Médecine d'urgence : les résultats alarmants d'une enquête internationale sur le burn-out

La Société européenne de médecine d'urgence vient de publier les résultats d'une enquête internationale sur le burn-out au sein des services d’urgence. 62% des professionnels sont concernés.
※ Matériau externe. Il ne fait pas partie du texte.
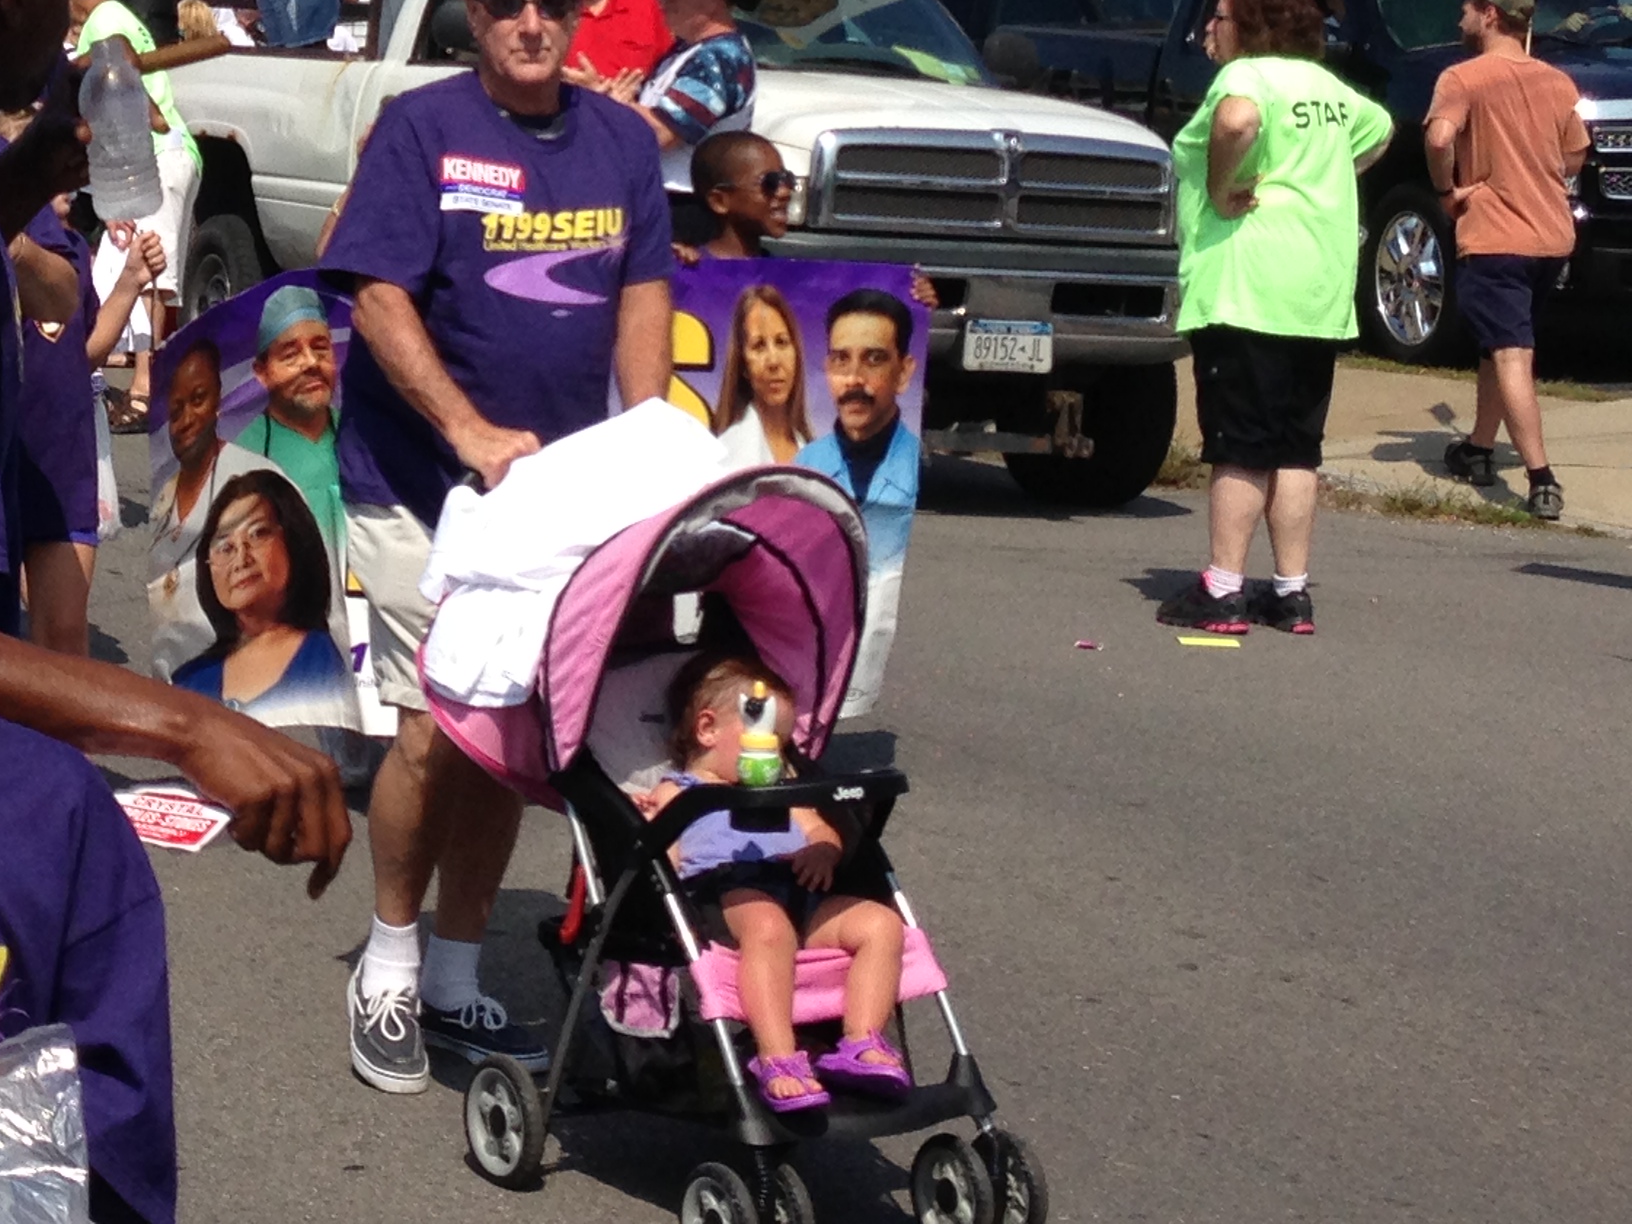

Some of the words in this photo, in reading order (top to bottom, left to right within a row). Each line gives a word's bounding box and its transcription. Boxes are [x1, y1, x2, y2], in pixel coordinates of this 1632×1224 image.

Depuis 2018 et son lancement par l’European Society for Emergency Medicine (EUSEM), le 27 mai est la Journée internationale de la médecine d'urgence. Quatre ans plus tard, cette Journée fut l’occasion de rappeler que, face à la pandémie, les services d’urgence ont toujours tenu. Mais à quel prix ? Début 2022, l’EUSEM a diffusé auprès des urgentistes une enquête visant à évaluer la prévalence du burn-out. Les résultats viennent d’être publiés.    


La médecine d’urgence, particulièrement exposée au burn-out

«Burn-out». Le terme est partout et souvent galvaudé. Aussi appelé «épuisement professionnel», ce trouble psychologique qui touche plus particulièrement les professionnels impliqués dans une relation d’aide est pourtant très précisément défini. L’intensité de chacune des trois dimensions du burn-out est évaluée séparément par le Maslach Burnout Inventory (MBI). 

La dépersonnalisation est le facteur identifié comme étant le plus prédictif d’un burn-out. Elle se manifeste par un cynisme apparent. Chez les soignants, on retrouve typiquement une attitude négative envers les patients, une irritabilité et une perte de conviction. Deuxième dimension du burn-out, la réduction de l'accomplissement personnel se traduit par une dévalorisation de soi et de ses compétences. Le soignant ne se sent plus efficace. Enfin, l'épuisement émotionnel prend la forme d’une fatigue physique et psychique qui s'installe insidieusement jusqu’à ce que le soignant se sente «vidé». 

Plusieurs études ont déjà montré que le burn-out, fréquent chez les médecins, l’est plus encore dans le domaine de la médecine d'urgence. En cause : une charge émotionnelle lourde, une quantité de travail difficile à prévoir et le non-respect du rythme circadien. Les urgentistes souffrent également d'un manque de considération de la part d’autres spécialistes.


L'impact de la pandémie 

Pour Abdo Khoury, président de l’EUSEM, «les problèmes chroniques auxquels sont confrontés les spécialistes de la médecine d'urgence, tels que le manque d'effectifs, les ressources limitées et le manque de reconnaissance de la spécialité ont été considérablement exacerbés par la pandémie». 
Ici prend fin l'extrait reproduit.